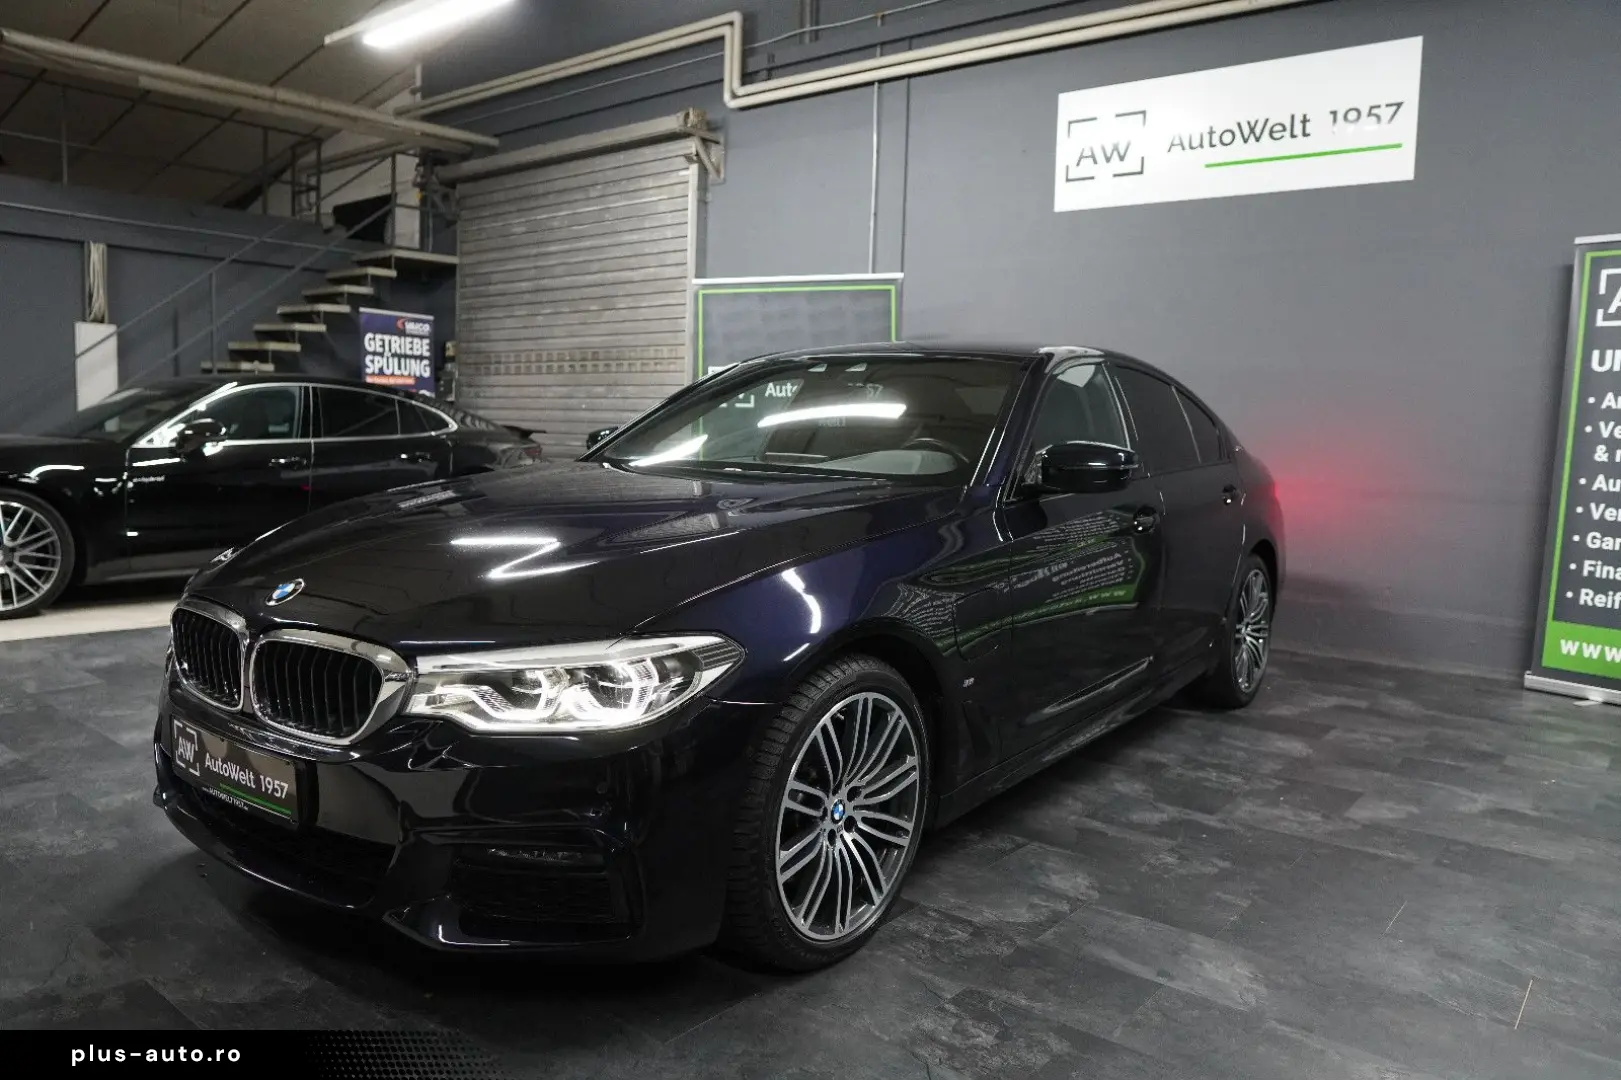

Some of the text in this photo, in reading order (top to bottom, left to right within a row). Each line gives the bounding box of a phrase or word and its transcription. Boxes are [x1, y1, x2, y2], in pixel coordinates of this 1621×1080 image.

[1167, 113, 1312, 153] AutoWelt
[1076, 139, 1132, 168] AW
[364, 332, 431, 357] GETRIEBE
[365, 352, 431, 378] SPÜLUNG
[1594, 445, 1609, 463] &
[1586, 531, 1621, 551] Gar
[1579, 587, 1621, 610] Reif
[177, 736, 195, 763] AW
[204, 753, 289, 800] AutoWelt 1957
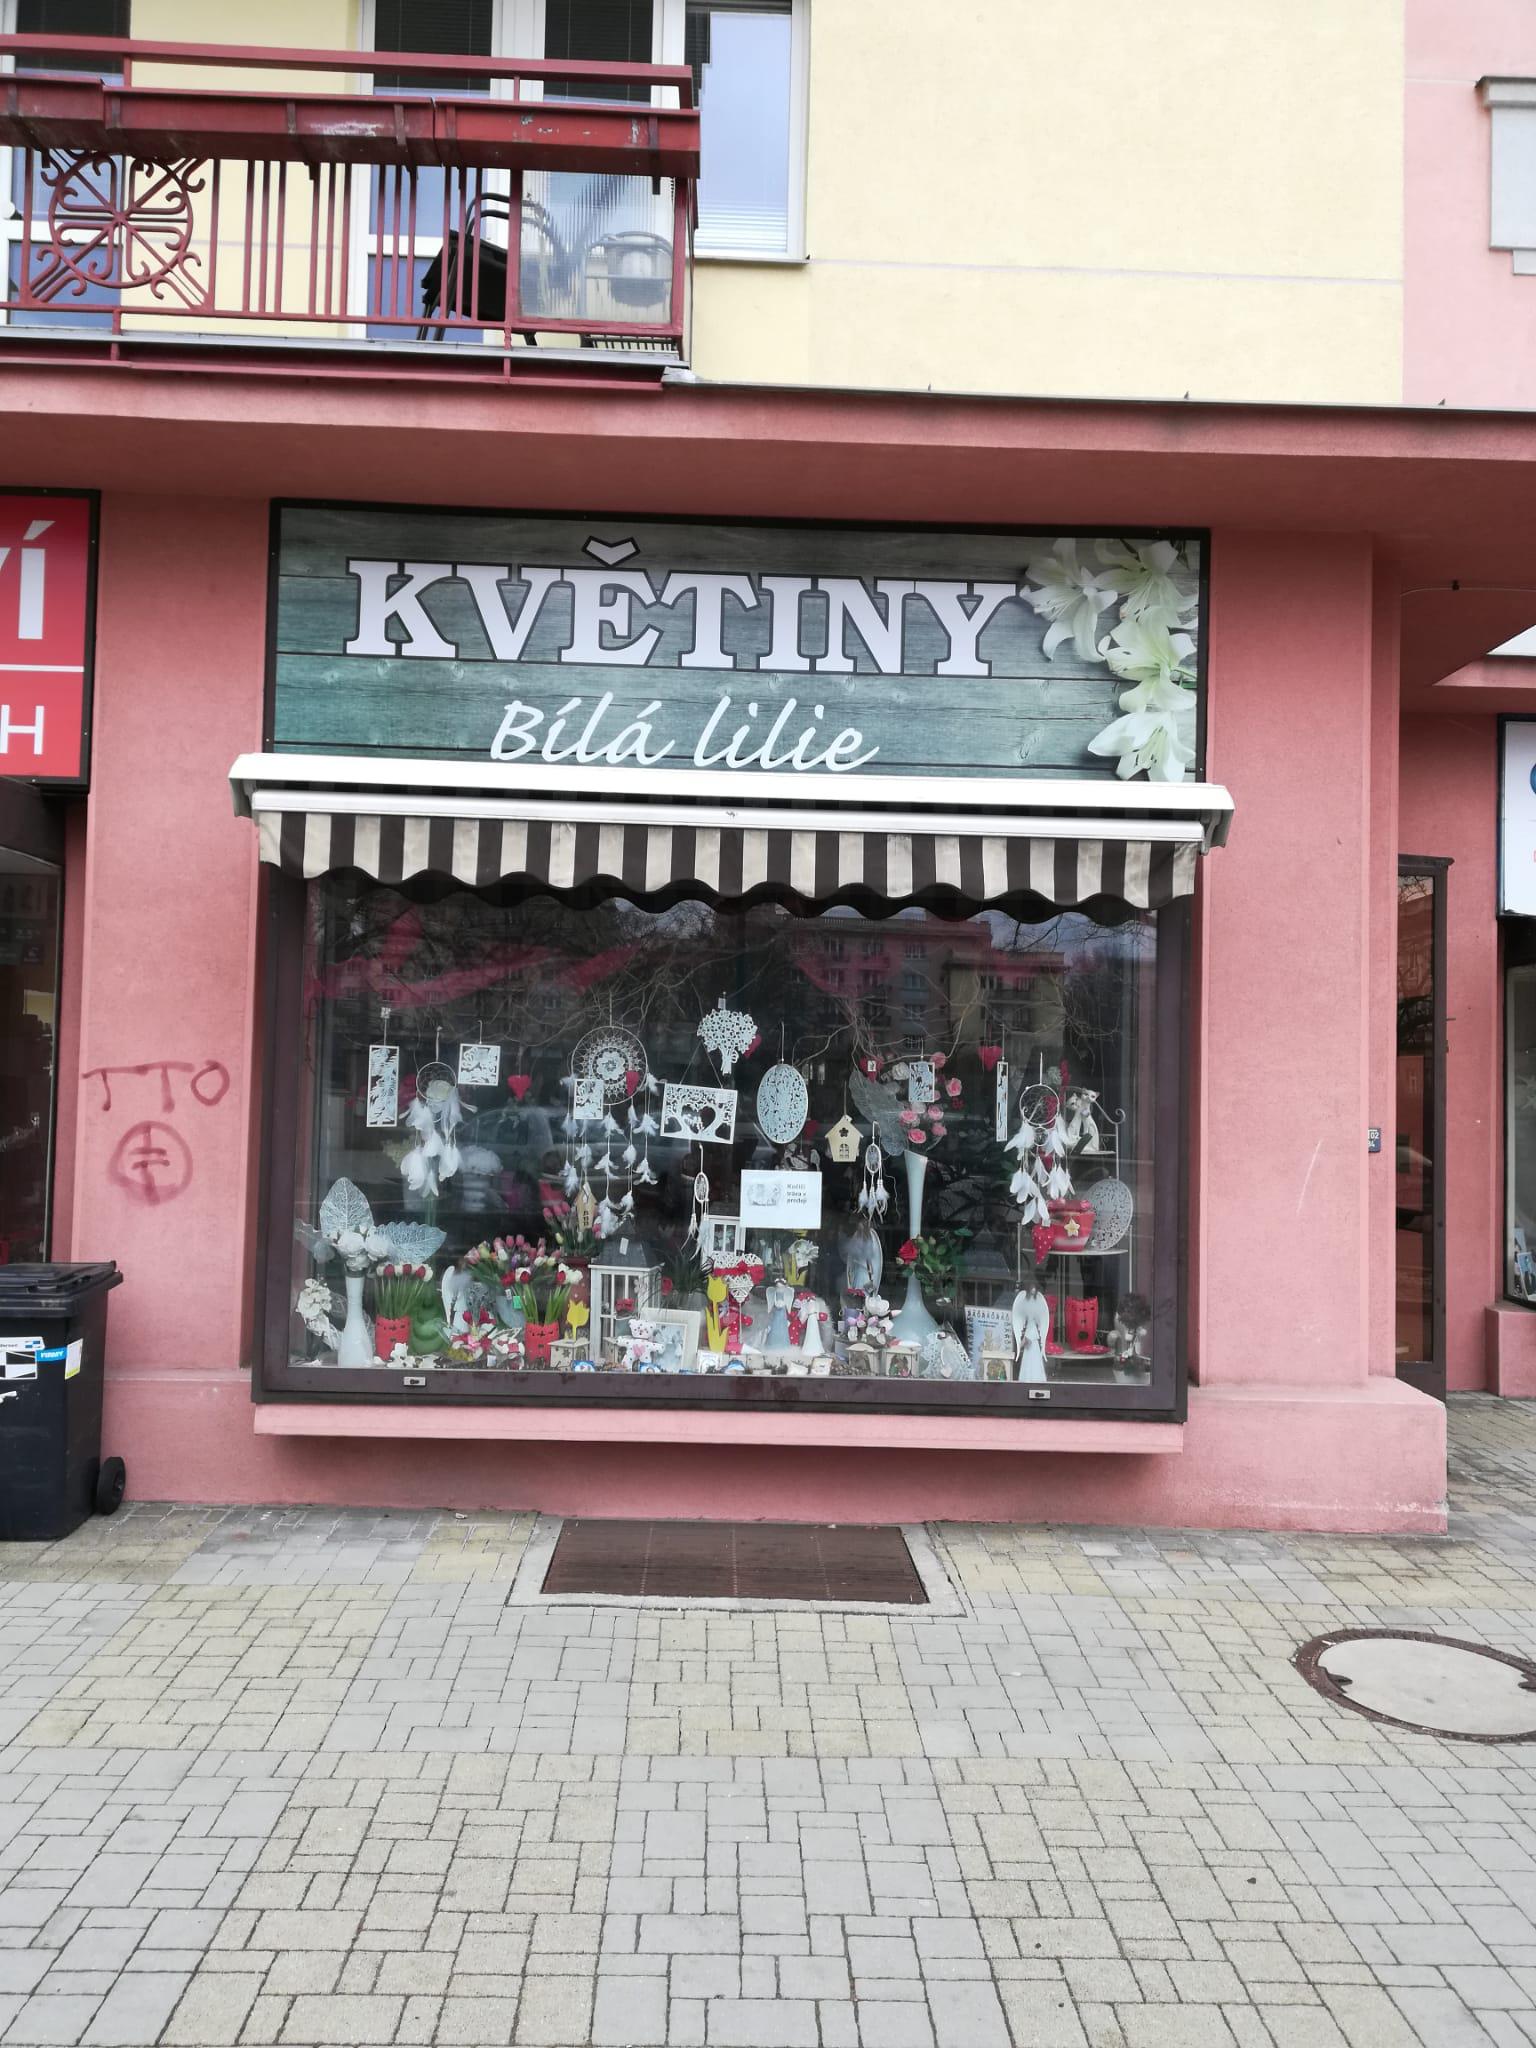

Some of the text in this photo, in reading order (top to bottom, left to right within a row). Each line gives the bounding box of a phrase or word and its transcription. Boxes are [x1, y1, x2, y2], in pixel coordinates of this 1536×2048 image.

[344, 536, 1020, 675] KVĚTINY
[489, 690, 881, 773] Bílá lilie

### [YOUR INSTRUCTIONS]
Without any pictures, output the entries above exactly as they appear.

### [EXPECTED ANSWER]
Some of the text in this photo, in reading order (top to bottom, left to right within a row). Each line gives the bounding box of a phrase or word and its transcription. Boxes are [x1, y1, x2, y2], in pixel coordinates of this 1621×1080 image.

[1167, 113, 1312, 153] AutoWelt
[1076, 139, 1132, 168] AW
[364, 332, 431, 357] GETRIEBE
[365, 352, 431, 378] SPÜLUNG
[1594, 445, 1609, 463] &
[1586, 531, 1621, 551] Gar
[1579, 587, 1621, 610] Reif
[177, 736, 195, 763] AW
[204, 753, 289, 800] AutoWelt 1957

Some of the text in this photo, in reading order (top to bottom, left to right within a row). Each line gives the bounding box of a phrase or word and its transcription. Boxes are [x1, y1, x2, y2], in pixel coordinates of this 1536×2048 image.

[344, 536, 1020, 675] KVĚTINY
[489, 690, 881, 773] Bílá lilie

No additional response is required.